**EXERCISE REQUIREMENTS**.
Copy every entry exactly as it reads and exclude whatever pictures appear.

Saved data entries
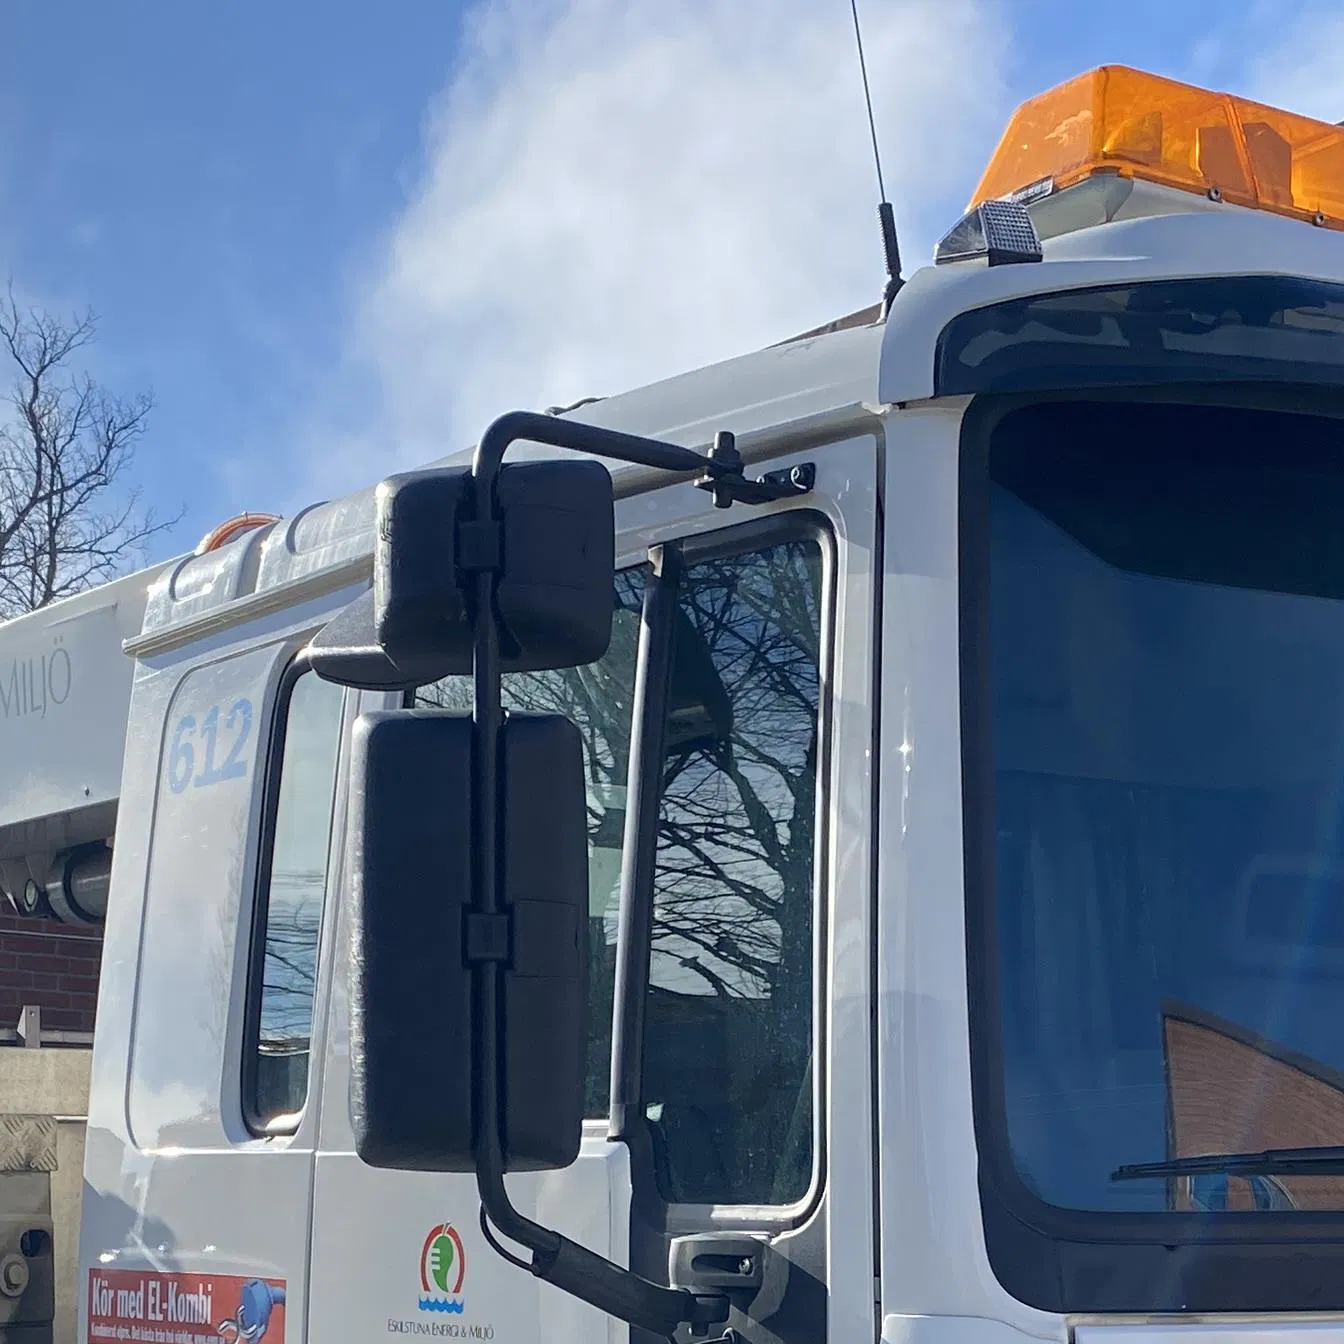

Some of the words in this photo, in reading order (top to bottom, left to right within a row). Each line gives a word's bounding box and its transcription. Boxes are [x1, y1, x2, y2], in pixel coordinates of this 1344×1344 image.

[169, 697, 253, 793] 612
[92, 1277, 114, 1317] Kör
[117, 1279, 144, 1320] med
[147, 1280, 213, 1325] EL-Kombi
[387, 1318, 430, 1336] ESKILSTUNA
[431, 1321, 459, 1338] ENERGI
[460, 1325, 467, 1338] &
[468, 1323, 495, 1341] MILJÖ

**EXERCISE ANSWER**.
Some of the words in this photo, in reading order (top to bottom, left to right within a row). Each line gives a word's bounding box and its transcription. Boxes are [x1, y1, x2, y2], in pixel coordinates of this 1344×1344 image.

[169, 697, 253, 793] 612
[92, 1277, 114, 1317] Kör
[117, 1279, 144, 1320] med
[147, 1280, 213, 1325] EL-Kombi
[387, 1318, 430, 1336] ESKILSTUNA
[431, 1321, 459, 1338] ENERGI
[460, 1325, 467, 1338] &
[468, 1323, 495, 1341] MILJÖ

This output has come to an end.